[Press Release and Photos by the Office of the District Attorney of New York]
D.A. Vance, Thrive Collective, Partners Host First-Ever “Art of Healing” Festival in East Harlem in Honor of Gun Violence Awareness Month
Festival Offered Arts Activities Designed to Heal Trauma, Featured Remarks by Parkland Survivor Aalayah Eastmond
Festival Coincided With Office’s Gun Buyback Event in Central Harlem
Pictured: D.A. Vance, Members of the Office’s Community Partnerships Unit, and Community Partners at Art of Healing Festival
Manhattan District Attorney Cyrus R. Vance, Jr., held the first-ever “Art of Healing” festival in partnership with New York City Council Member Diana Ayala and local community-based arts and service organizations this weekend in East Harlem. The festival, held at P.S. 7 M. Samuel Stern School on East 120th Street, welcomed residents and community members from the surrounding neighborhood and encouraged them to use creative arts as a resource to heal trauma resulting from gun violence. The festival featured live music and spoken word performances, with speeches by Aalayah Eastmond, a student-activist from Marjory Stoneman Douglass High School and a survivor of the February 14 shooting incident in Parkland, Florida, as well as the Manhattan D.A.’s Office’s Gun Control Advocacy Fellows: Tavia Armstrong, Kevin Louissant, and Steven Pacheco.
“Gun violence does not only harm victims and their families; the resulting trauma sends shockwaves throughout their entire communities,” said District Attorney Vance. “This weekend’s Art of Healing festival serves as an important reminder that our work as prosecutors extends beyond the courtroom and that, often, delivering justice for victims means meeting with them in their own neighborhoods. I would like to thank my office’s Community Partnerships Unit, as well as Council Member Ayala, Thrive Collective, Children’s Aid, and our other trusted community partners for helping to create this fun, safe, and collaborative space for victims of trauma to heal.”
“In communities plagued by gun violence, individuals – especially youth – are often deprived of an outlet to express their pain, fear, and frustration,” said New York City Council Member Diana Ayala. “The Art of Healing Festival sought to shift this reality and provide those impacted by gun violence with a channel to grapple with their trauma. The festival included painting, spoken word, and other arts activities – all of which residents utilized to convey their emotions. I thank the Manhattan District Attorney’s Office, Thrive Collective, Children’s Aid, and other community-based organizations for hosting this event in collaboration with me. It is my hope we replicate this festival in other neighborhoods affected by gun violence, as we need to ensure communities are healing.”

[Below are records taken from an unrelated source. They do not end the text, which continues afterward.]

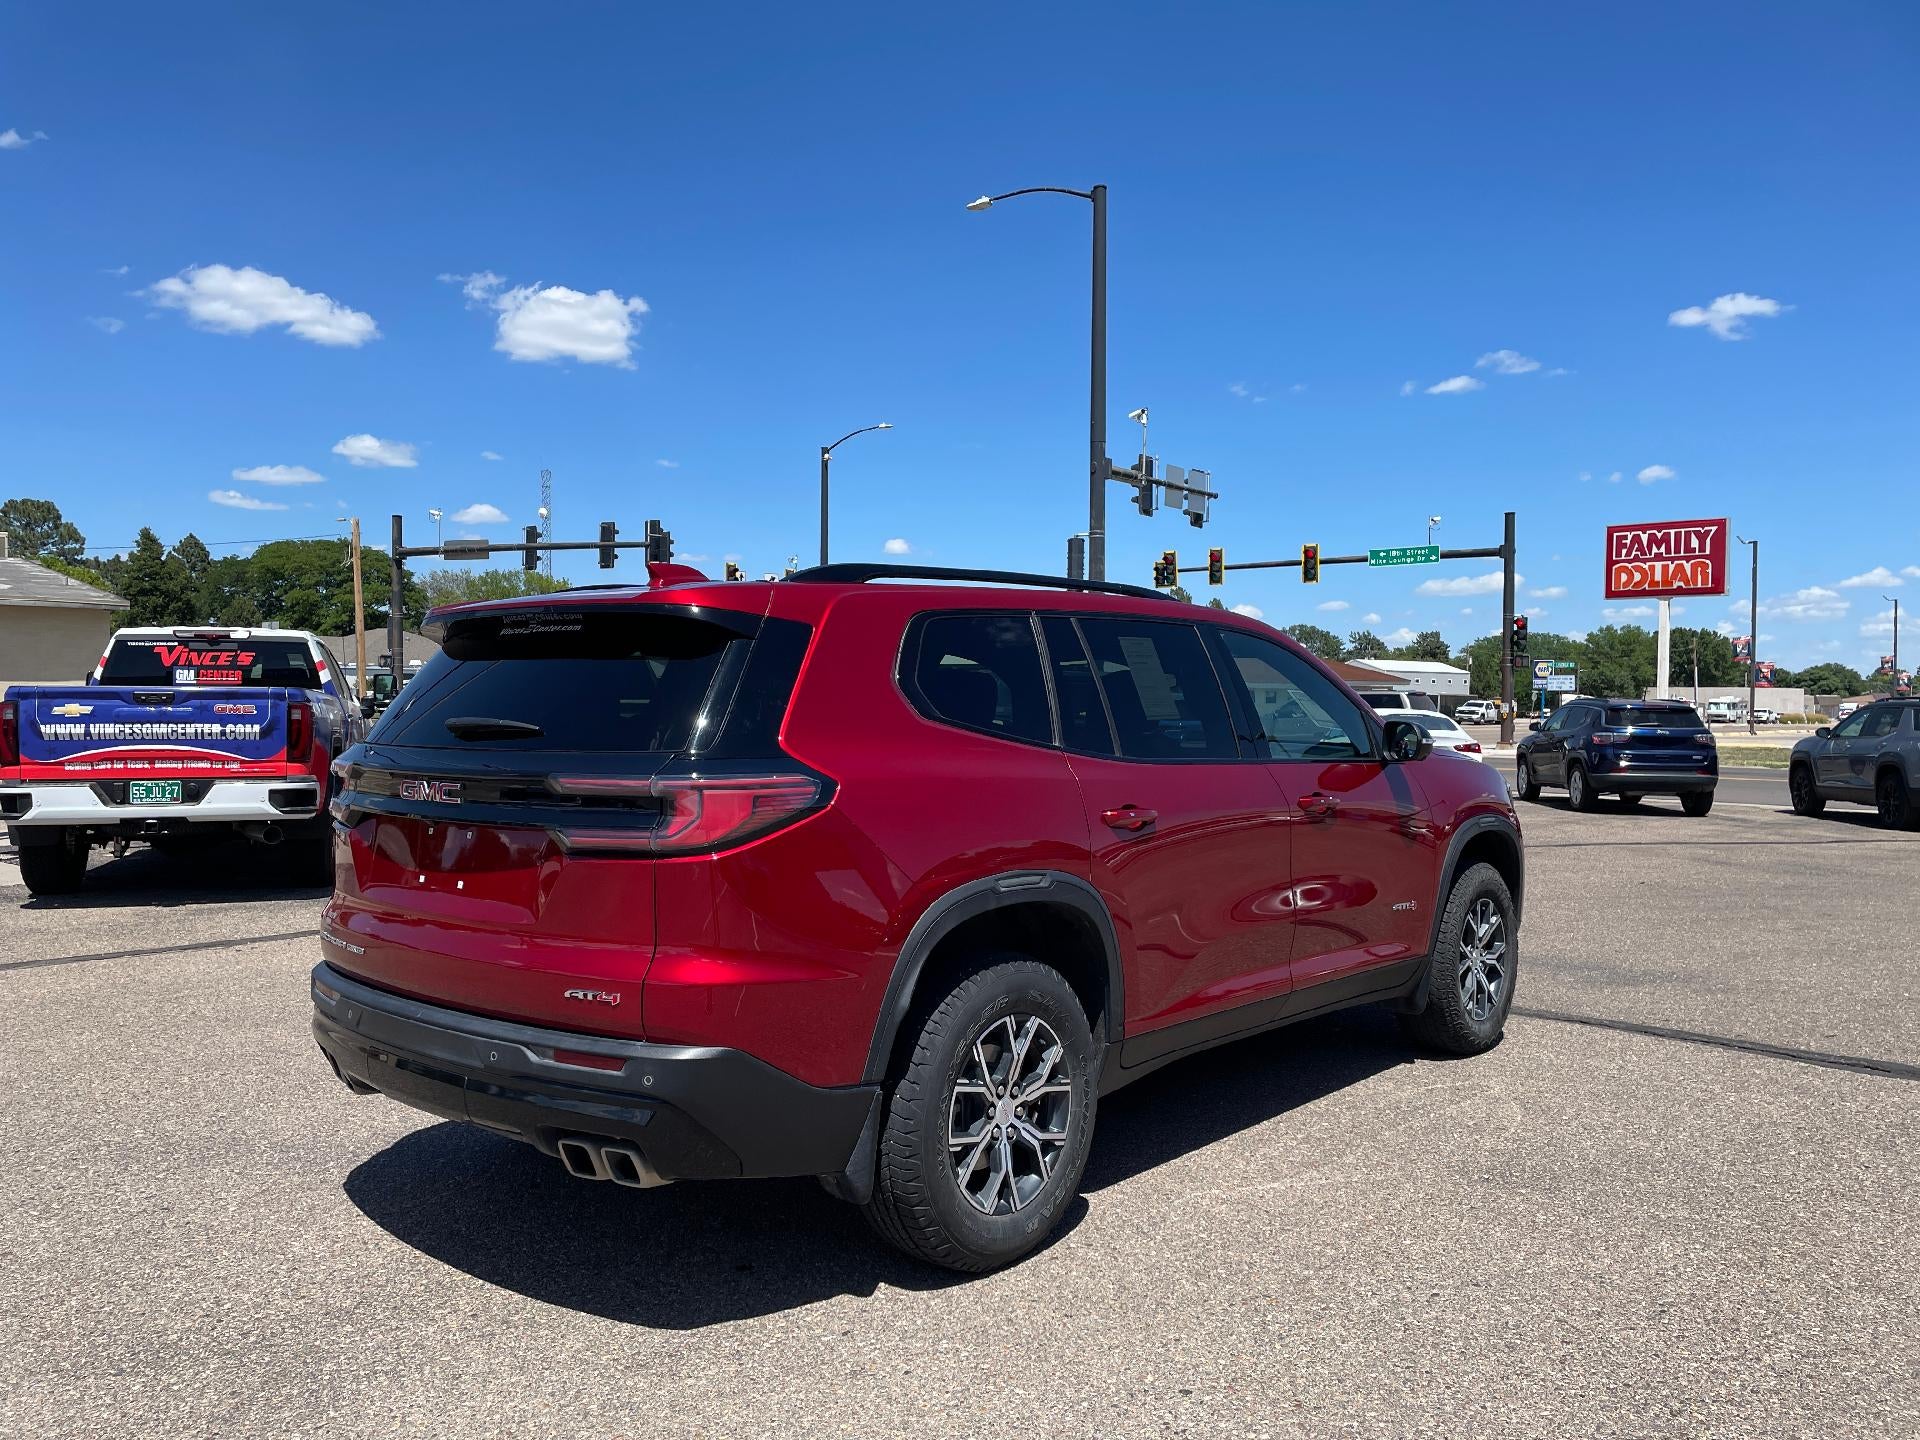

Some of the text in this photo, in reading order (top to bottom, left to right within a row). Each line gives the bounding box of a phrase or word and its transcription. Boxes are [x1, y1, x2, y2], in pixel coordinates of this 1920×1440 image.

[1613, 526, 1719, 560] FAMILY
[1612, 559, 1712, 591] DOLLAR
[175, 669, 242, 681] GM CENTER
[213, 704, 257, 715] GMC
[40, 723, 261, 741] WWW.VINCESGMCENTER.COM
[113, 760, 124, 769] for
[133, 786, 179, 798] 55 JU 27
[400, 779, 461, 804] GMC
[564, 990, 621, 1006] AT4
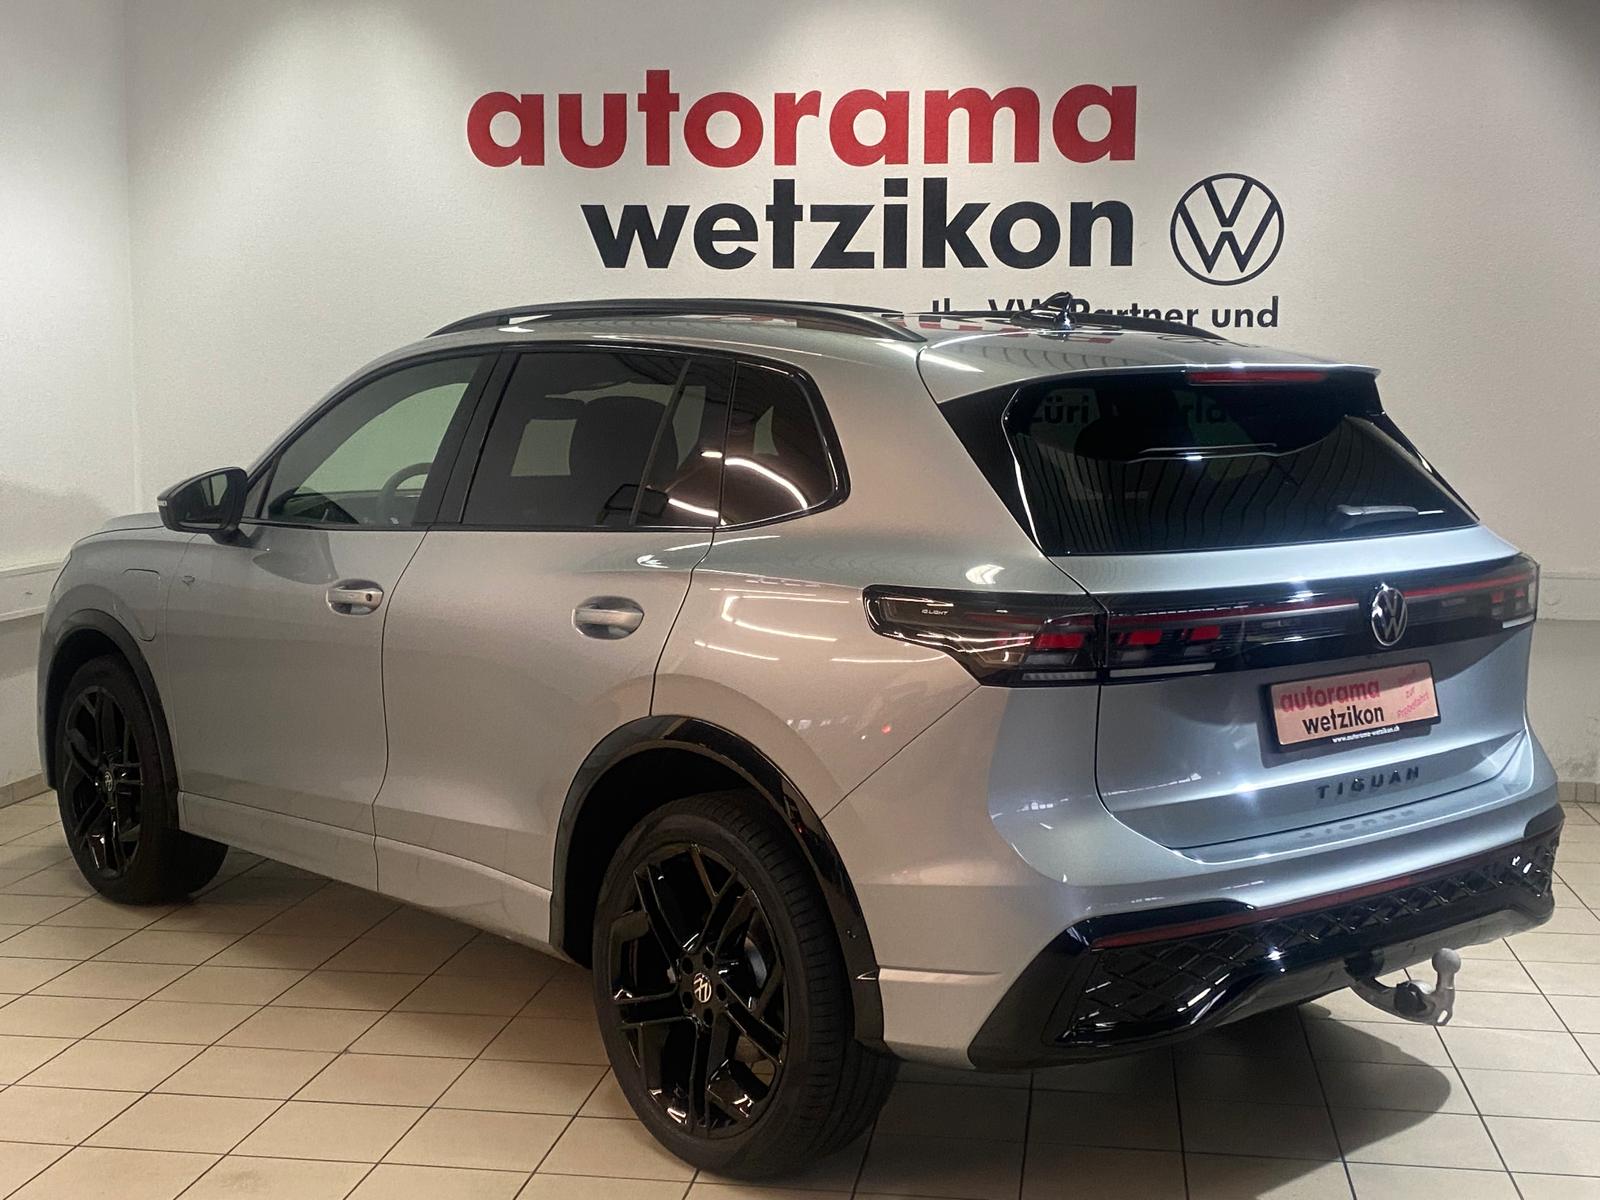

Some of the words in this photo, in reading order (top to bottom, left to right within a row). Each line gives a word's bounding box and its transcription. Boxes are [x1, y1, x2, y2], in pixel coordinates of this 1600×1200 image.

[467, 71, 1136, 169] autorama
[581, 176, 1134, 270] wetzikon
[1070, 298, 1199, 327] Ptner
[1211, 295, 1279, 328] und
[1034, 394, 1090, 423] üri
[1280, 680, 1381, 712] autorama
[1301, 704, 1385, 735] wetzikon
[1317, 766, 1419, 798] TIGUAN

“The antidote to violence is creativity,” said Thrive Collective Executive Director Jeremy Del Rio. “It’s much harder to destroy that which we have created. By awakening our creative imagination, art empowers us to see beyond present circumstances, heal through our pain, and create worlds that do not yet exist.”

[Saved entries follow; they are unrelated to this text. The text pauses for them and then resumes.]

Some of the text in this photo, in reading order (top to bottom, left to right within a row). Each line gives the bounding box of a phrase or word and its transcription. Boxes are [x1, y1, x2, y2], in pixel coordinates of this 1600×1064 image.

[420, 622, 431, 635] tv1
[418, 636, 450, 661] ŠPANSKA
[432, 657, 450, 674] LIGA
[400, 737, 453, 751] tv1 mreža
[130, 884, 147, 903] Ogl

The Art of Healing festival invited community members to use art as a resource to heal trauma resulting from gun violence. Volunteers from local arts and service organizations staffed activity stations to engage children and their families through music, spoken word, mural painting, and t-shirt and button design. Counselors and social workers from the Manhattan D.A.’s Office’s Witness Aid Services Unit were available at the festival, and local community-based organizations also provided information and resources for victims at an on-site resource fair. More photos of the event are available here.
The festival coincided with the Manhattan D.A.’s Office’s gun buyback event in Central Harlem. The buyback, hosted in partnership with the NYPD, allowed participants to anonymously turn in their guns in exchange for up to $200 in prepaid gift cards. Held on June 30, both events also coincided with the conclusion of Gun Violence Awareness Month, which brings law enforcement and community members together each year in June to discuss solutions to gun violence and strategies for building safer, healthier communities.